RIO — O vereador que lamentou a contratação de Pabllo Vittar para show em Ponta Grossa — uma “cidade de família”, segundo ele — e chegou a ameaçar prender a artista negou que seu discurso na Câmara Municipal tivesse caráter homofóbico. Na segunda-feira, o pastor Ezequiel Bueno (PRB-PR) gerou revolta de fãs, entidades LGBT e defensores da diversidade sexual ao criticar que o município recebesse “esse tipo de show. Ele citou um boato de que Pabllo e o deputado federal Jean Wyllys (PSOL-RJ) fariam uma turnê por escolas para ensinar diversidade sexual a crianças. A história foi desmentida em setembro. O representante destacou que “nem conhece” Pabllo Vittar e que não queria ofendê-la.

— Jamais, isso eu nunca fiz (ofender homossexuais). Um grupo LGBT veio até a Câmara, e teve o momento de voz dele (em protesto nesta quarta-feira). Faz cinco anos que sou parlamentar e nunca ofendi. Estou só defendendo o dinheiro do erário, não aceito que usem (dinheiro público) em festa terceirizada. Tanto esse cantor, que eu não sei quem é, não conheço, quanto outro, com meu dinheiro, do contribuinte, não admito — defendeu o policial militar aposentado.

Em nota, a Munchen Fest explicou que não há investimento público direito na festa de tradições alemães. Em 2014, o evento foi terceirizado, e a Prefeitura passou a ser responsável pelo desfile de blocos, o concurso de rainha e o apoio operacional, como o reforço de segurança e trânsito. A organização repudiu “atos que escondem a verdade” e “qualquer atitude que incite o preconceito e a homofobia”.

Ezequiel Bueno frisou que julga “importante respeitar a opinião de todos” e negou que tenha ameaçado prender Pabllo Vittar se ele saísse às ruas de Ponta Grossa. “Quem quiser assistir, se não for com meu dinheiro, sem problema nenhum, pode ir.

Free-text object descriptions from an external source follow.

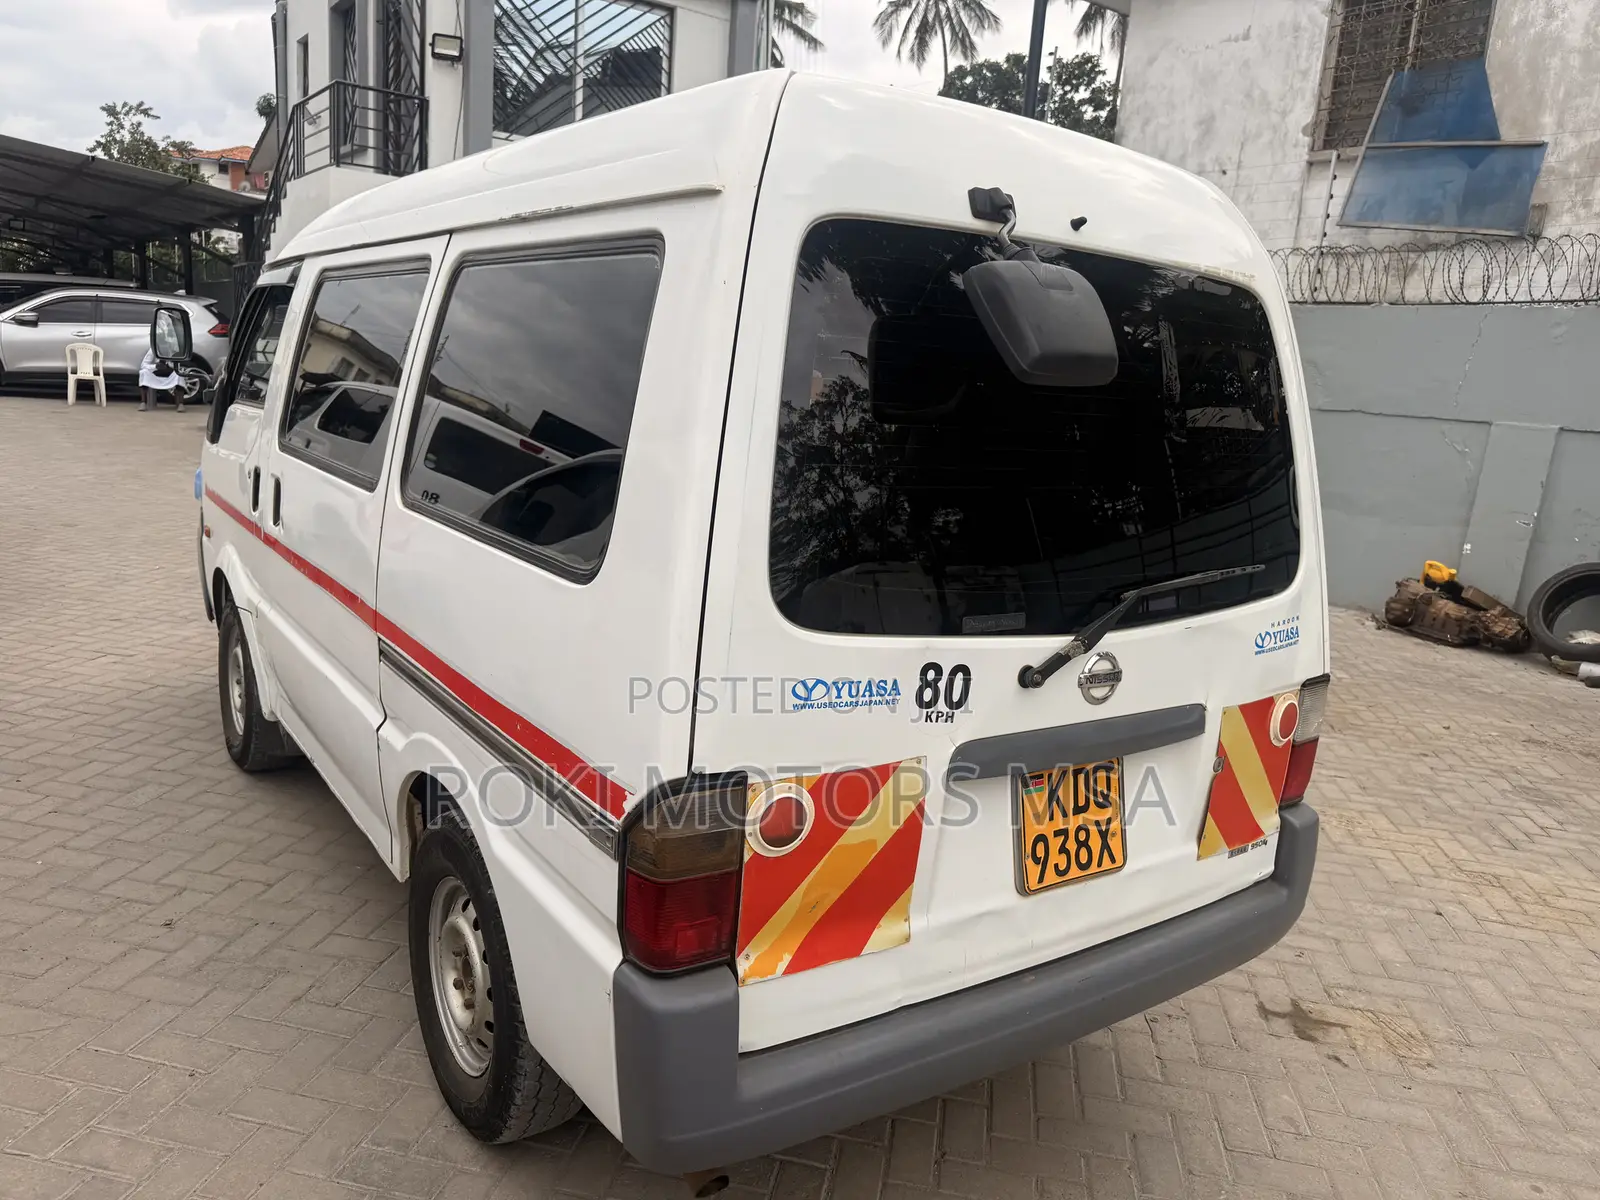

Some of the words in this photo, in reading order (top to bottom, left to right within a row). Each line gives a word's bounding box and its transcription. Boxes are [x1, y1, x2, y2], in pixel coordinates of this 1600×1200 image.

[1273, 626, 1299, 644] YUASA
[915, 661, 971, 710] 80
[1085, 672, 1119, 684] NISSAN
[832, 679, 901, 699] YUASA
[925, 711, 955, 723] KPH
[1047, 763, 1112, 821] KDQ
[1031, 817, 1116, 884] 938X
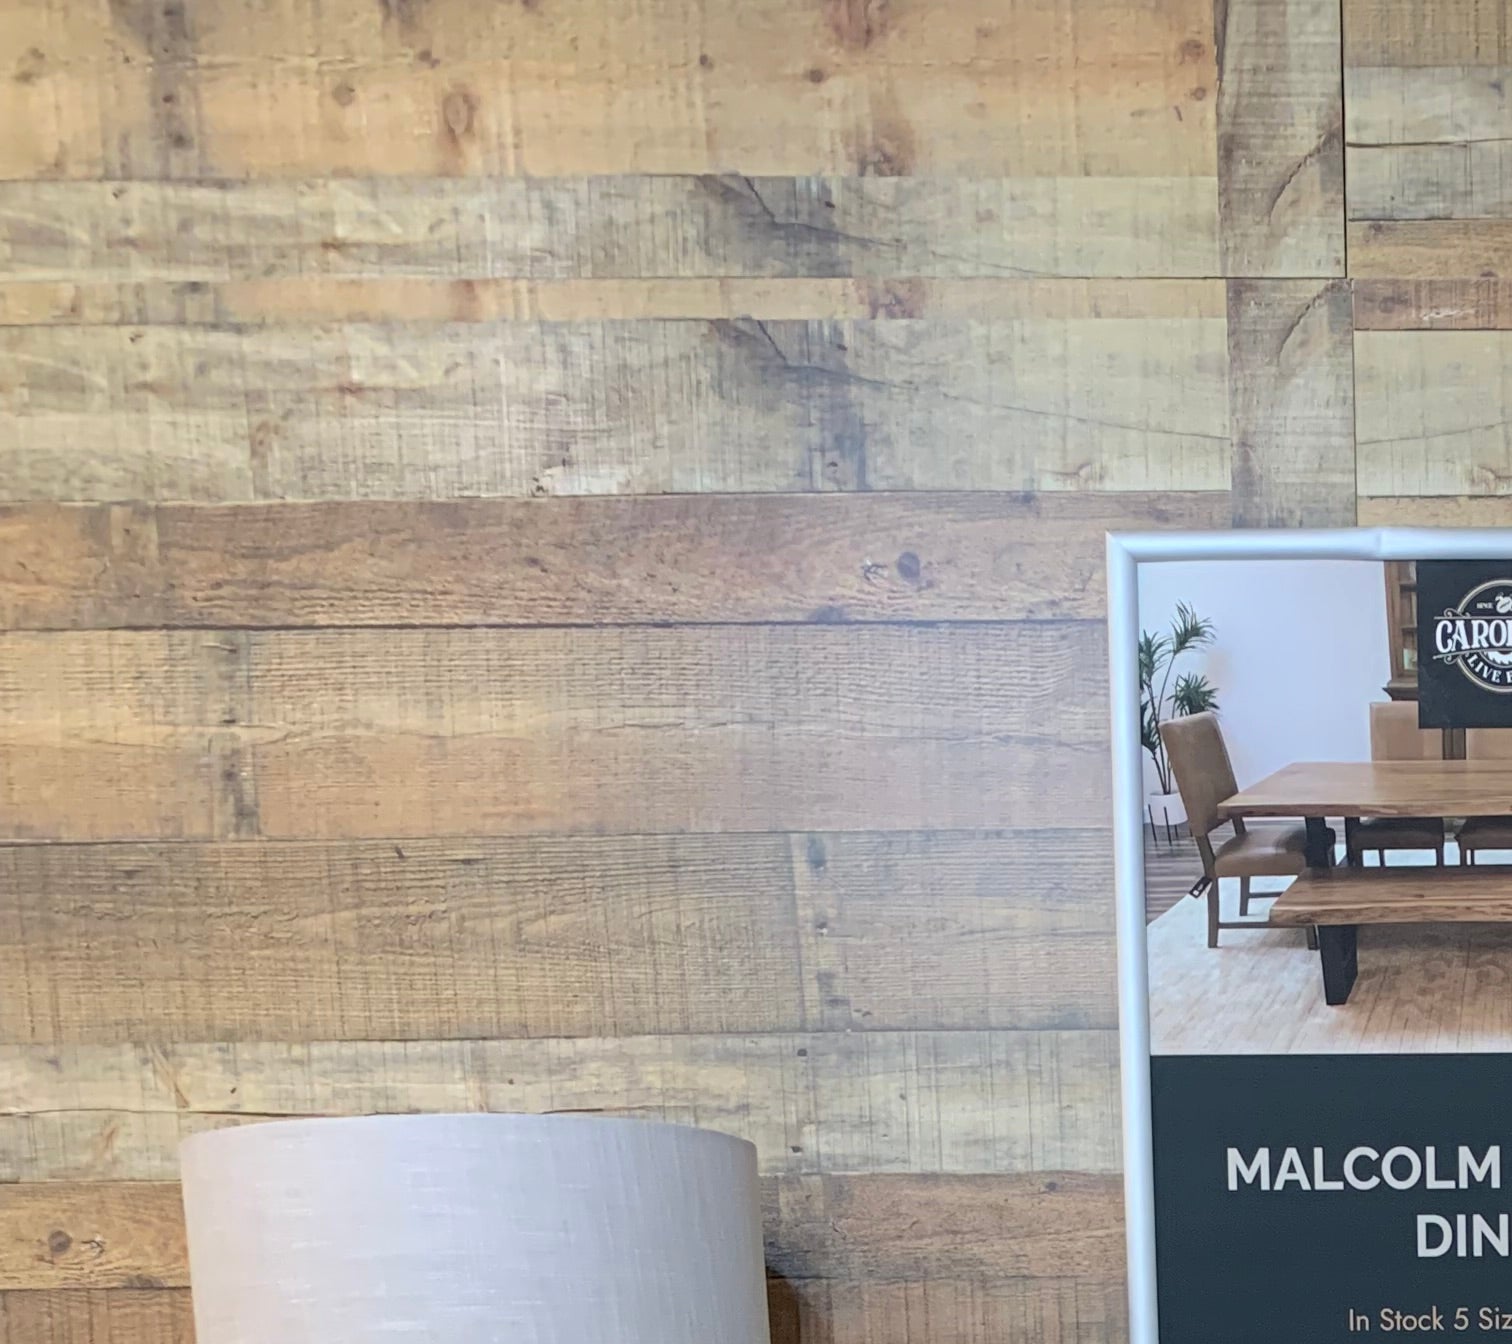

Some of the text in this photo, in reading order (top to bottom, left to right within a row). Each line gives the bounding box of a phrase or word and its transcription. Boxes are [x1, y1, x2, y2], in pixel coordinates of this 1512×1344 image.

[1466, 653, 1502, 684] LIVE
[1226, 1145, 1501, 1191] MALCOLM
[1348, 1308, 1370, 1332] In
[1379, 1305, 1445, 1332] Stock
[1453, 1307, 1470, 1331] 5
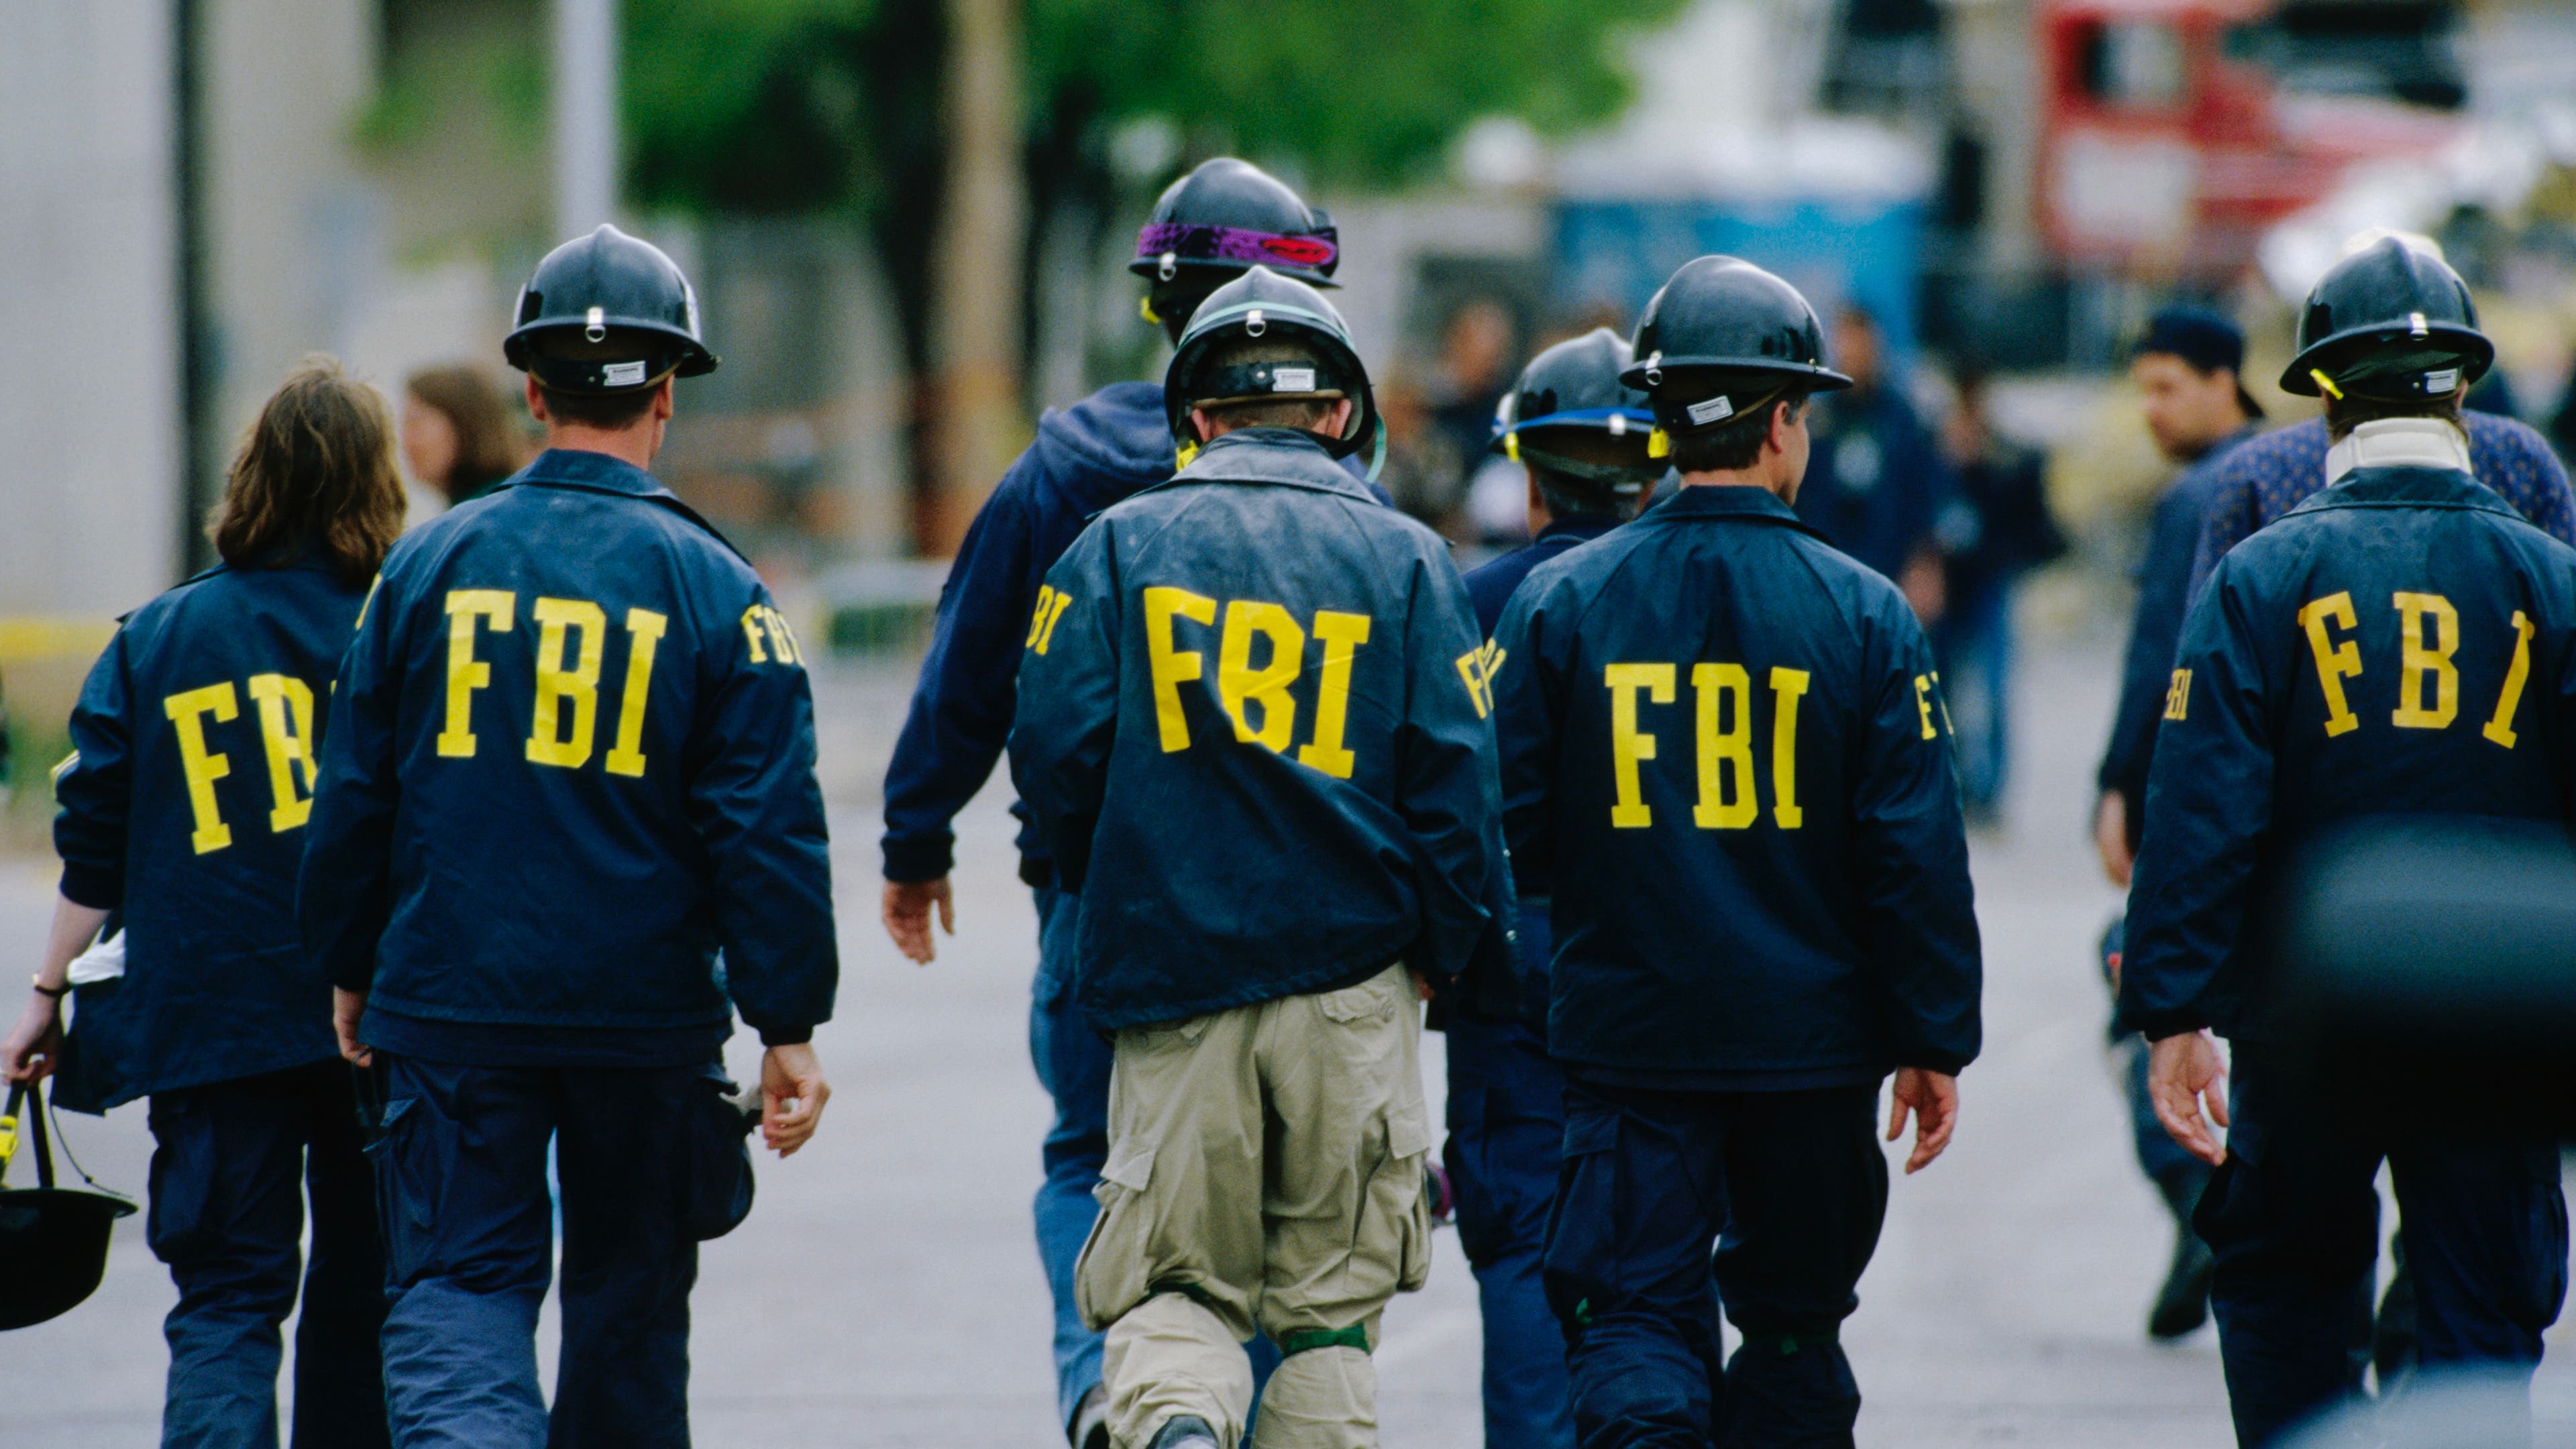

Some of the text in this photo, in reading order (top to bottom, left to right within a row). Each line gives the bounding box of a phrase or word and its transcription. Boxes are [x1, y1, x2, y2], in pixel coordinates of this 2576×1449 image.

[436, 588, 668, 777] FBI
[1142, 586, 1371, 780] FBI
[1604, 662, 1811, 829] FBI
[2163, 668, 2193, 720] BI
[2298, 590, 2536, 749] FBI
[163, 672, 337, 855] FB

Mas só lá (no festival) também, porque, se inventar de sair para a rua e para as escolas, eu vou lá e vou prender, nem que depois eu seja preso por abuso de autoridade”, disse no discurso de segunda-feira. O vereador ressalta agora que a afirmação da prisão se referia apenas ao ensino de diversidade sexual nas escolas — o boato.

— Eu afirmei em relação a ir às escolas. Isso vai existir, pessoas estão indo ensinar, fazer ideologia nas escolas. A gente não quer nas nossas escolas. Não falei de uma pessoa. É que não pode ir lá, então, se for, pode ser encaminhada aos órgãos competentes, pode acarretar em uma sanção. Não tem cabimento (dizer que prenderia se fosse às ruas). Uma pessoa andar não tem problema. Isso é um direito de todos — destacou o pastor, que ainda relacionou a este ponto o trecho polêmico: “Abriu a porta, entrou, aí é complicado”.

Quanto ao boato, uma nota de seu gabiente ressaltou que a história foi veiculada “por diversos meios de comunicação”. Assim, a confirmação de que Pabllo iria a Ponta Grossa “evidentemente trouxe preocupação ao parlamentar”, que decidiu ir à tribuna da Câmara para defender o Plano Municipal de Educação, do qual foi excluído o tema de diversidade sexual infantil nas salas de aula.

Jean Willys precisou desmentir, mais uma vez, de que não vai visitar escolas do Paraná com a cantora Pabllo Vittar para falar de diversidade sexual com crianças.

Procurada, a assessoria de Pabllo Vittar informou que o artista não se pronunciará sobre o assunto. Além dela, a München Fest terá apresentações de Anitta, Felipe Araújo, Thaeme & Thiago, Henrique & Juliano e Capital Inicial entre os dias 5 e 10 de dezembro.